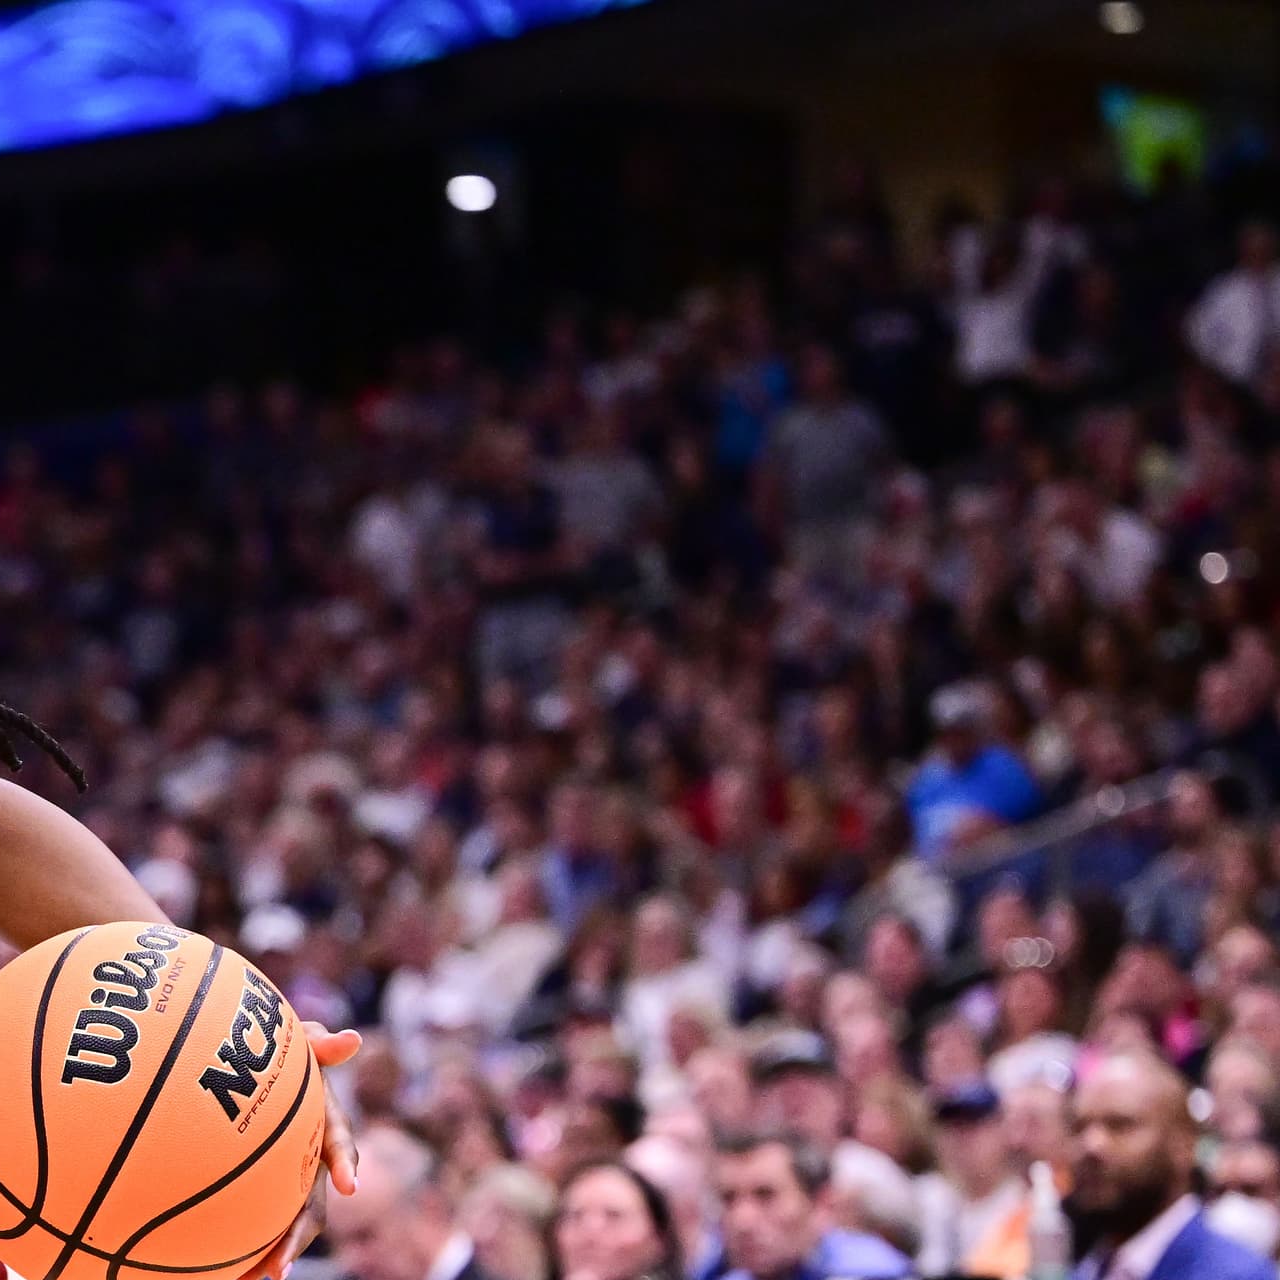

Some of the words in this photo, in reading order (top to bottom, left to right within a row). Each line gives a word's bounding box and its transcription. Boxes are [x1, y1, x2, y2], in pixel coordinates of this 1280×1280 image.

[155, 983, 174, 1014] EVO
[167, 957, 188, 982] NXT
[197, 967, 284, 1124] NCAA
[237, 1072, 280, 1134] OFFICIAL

________

*YOUR INSTRUCTIONS:*
Before copying, set the pictures aside; then reproduce each entry above exactly.

*THE ANSWER:*
Some of the words in this photo, in reading order (top to bottom, left to right within a row). Each line gives a word's bounding box and its transcription. Boxes are [x1, y1, x2, y2], in pixel coordinates of this 1280×1280 image.

[155, 983, 174, 1014] EVO
[167, 957, 188, 982] NXT
[197, 967, 284, 1124] NCAA
[237, 1072, 280, 1134] OFFICIAL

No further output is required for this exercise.